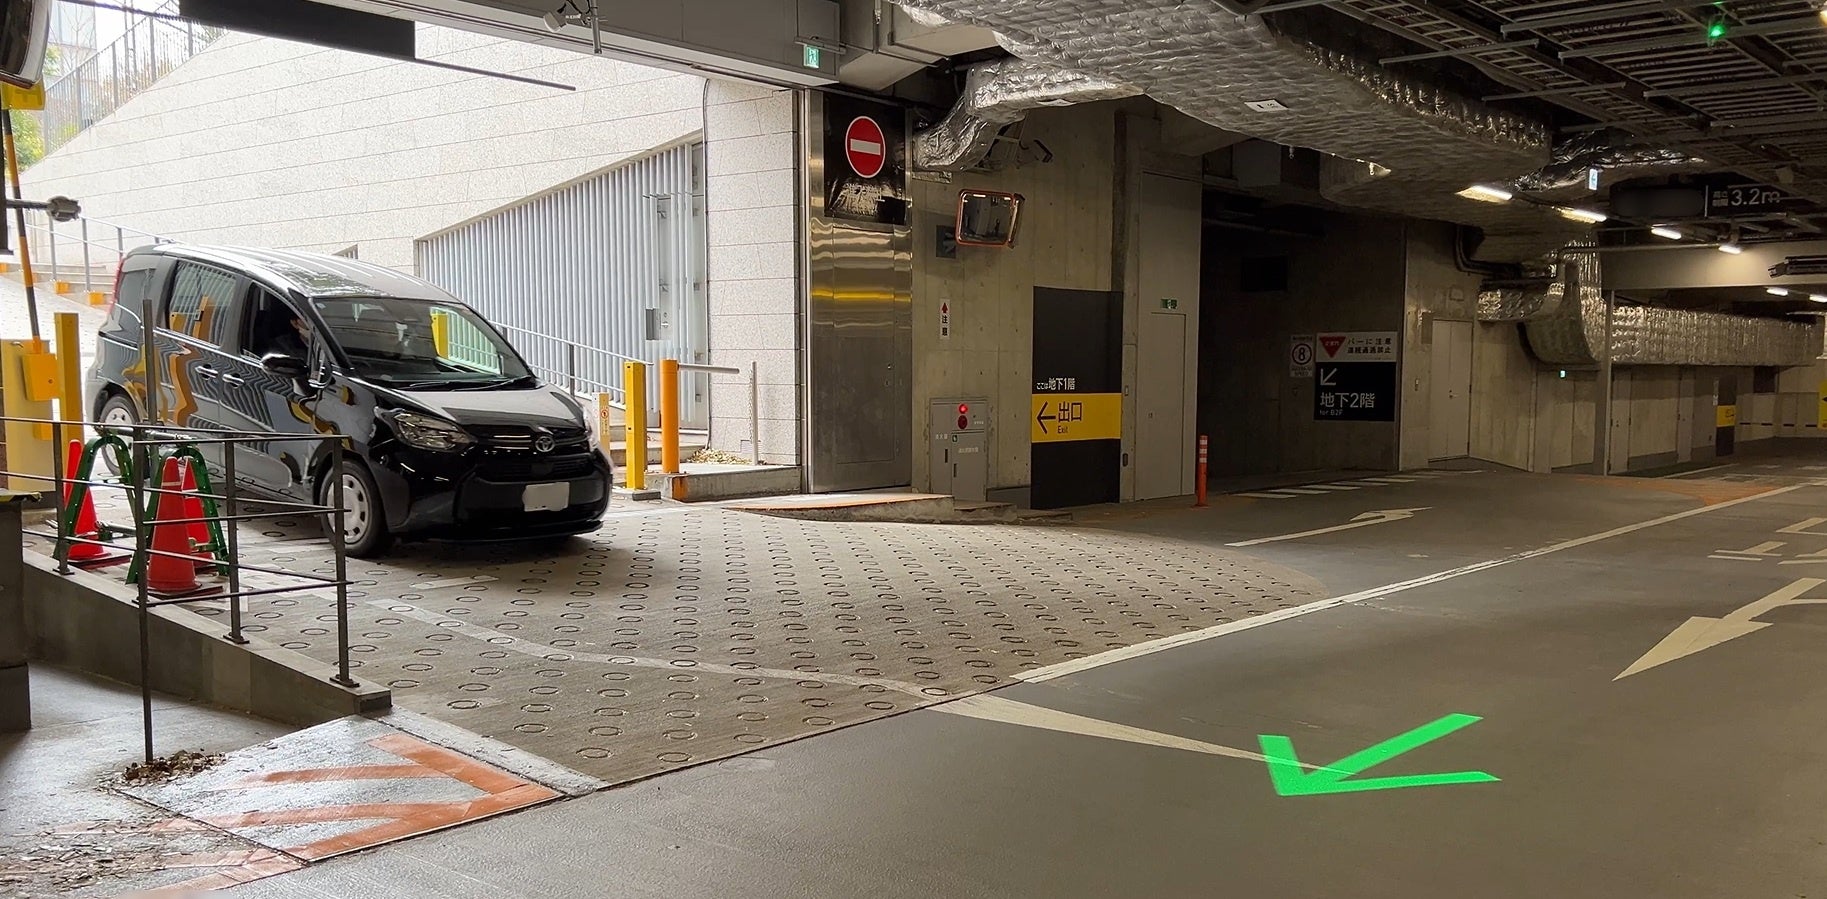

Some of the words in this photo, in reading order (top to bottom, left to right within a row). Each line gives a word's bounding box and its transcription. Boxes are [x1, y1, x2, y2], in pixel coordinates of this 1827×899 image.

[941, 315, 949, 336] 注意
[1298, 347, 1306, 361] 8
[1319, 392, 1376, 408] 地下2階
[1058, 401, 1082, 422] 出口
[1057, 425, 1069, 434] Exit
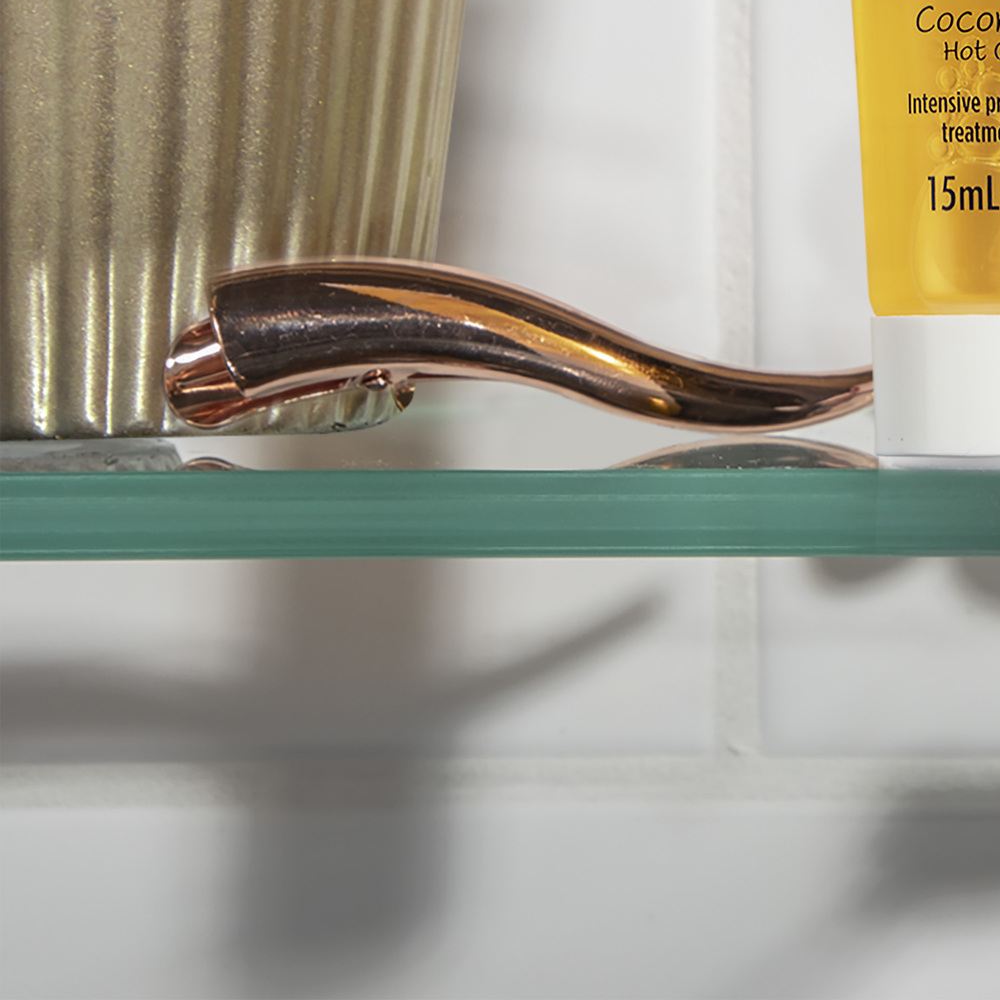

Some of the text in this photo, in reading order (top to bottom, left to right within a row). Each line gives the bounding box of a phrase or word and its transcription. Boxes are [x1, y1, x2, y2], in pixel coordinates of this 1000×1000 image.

-=-=-

### BRIEF
Set down all of the material word for word, minus its pictures.

### THE ANSWER
Some of the words in this photo, in reading order (top to bottom, left to right within a row). Each line gives a word's bounding box and its transcription. Boxes are [x1, y1, x2, y2], in pixel coordinates of this 1827×899 image.

[941, 315, 949, 336] 注意
[1298, 347, 1306, 361] 8
[1319, 392, 1376, 408] 地下2階
[1058, 401, 1082, 422] 出口
[1057, 425, 1069, 434] Exit

Some of the text in this photo, in reading order (top to bottom, left to right within a row). Each line gives the bounding box of a phrase or word and its transcription. Boxes are [x1, y1, x2, y2], in pixel coordinates of this 1000×1000 image.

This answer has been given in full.